=== Supplied information ===
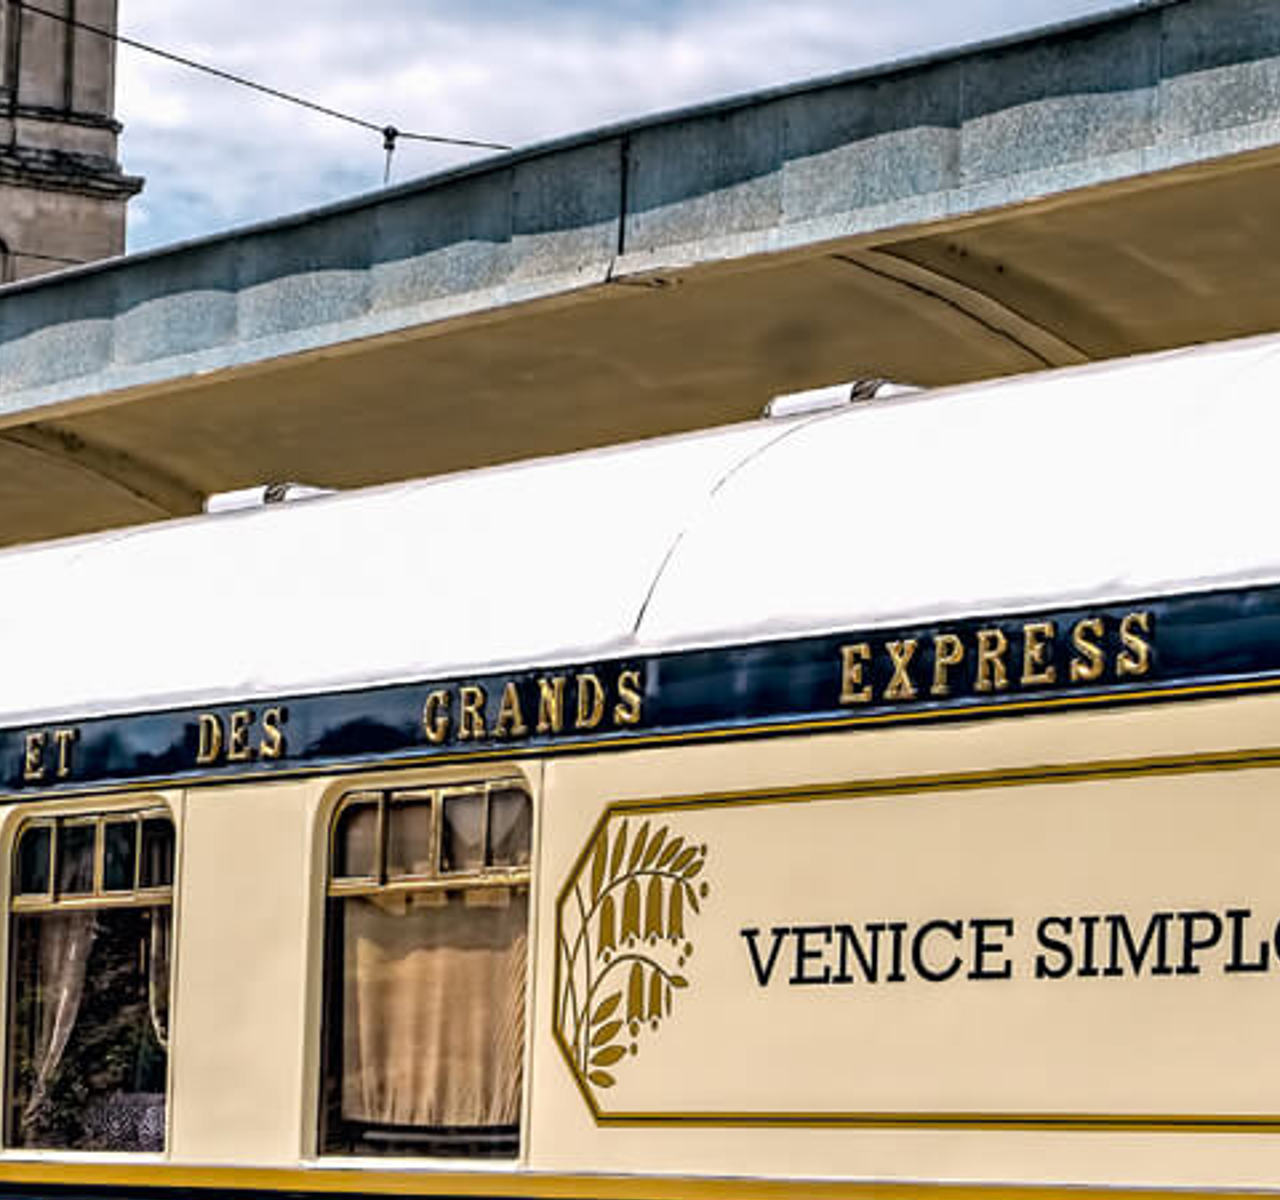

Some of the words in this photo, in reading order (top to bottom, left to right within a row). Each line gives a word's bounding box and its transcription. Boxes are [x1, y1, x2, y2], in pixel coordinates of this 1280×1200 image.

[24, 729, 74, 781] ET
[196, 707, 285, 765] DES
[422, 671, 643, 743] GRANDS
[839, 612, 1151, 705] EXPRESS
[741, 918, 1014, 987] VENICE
===
-- Activity --
In the answer, the data should reappear exactly, with no pictures.

-- Answer for the task --
Some of the words in this photo, in reading order (top to bottom, left to right within a row). Each line gives a word's bounding box and its transcription. Boxes are [x1, y1, x2, y2], in pixel coordinates of this 1280×1200 image.

[24, 729, 74, 781] ET
[196, 707, 285, 765] DES
[422, 671, 643, 743] GRANDS
[839, 612, 1151, 705] EXPRESS
[741, 918, 1014, 987] VENICE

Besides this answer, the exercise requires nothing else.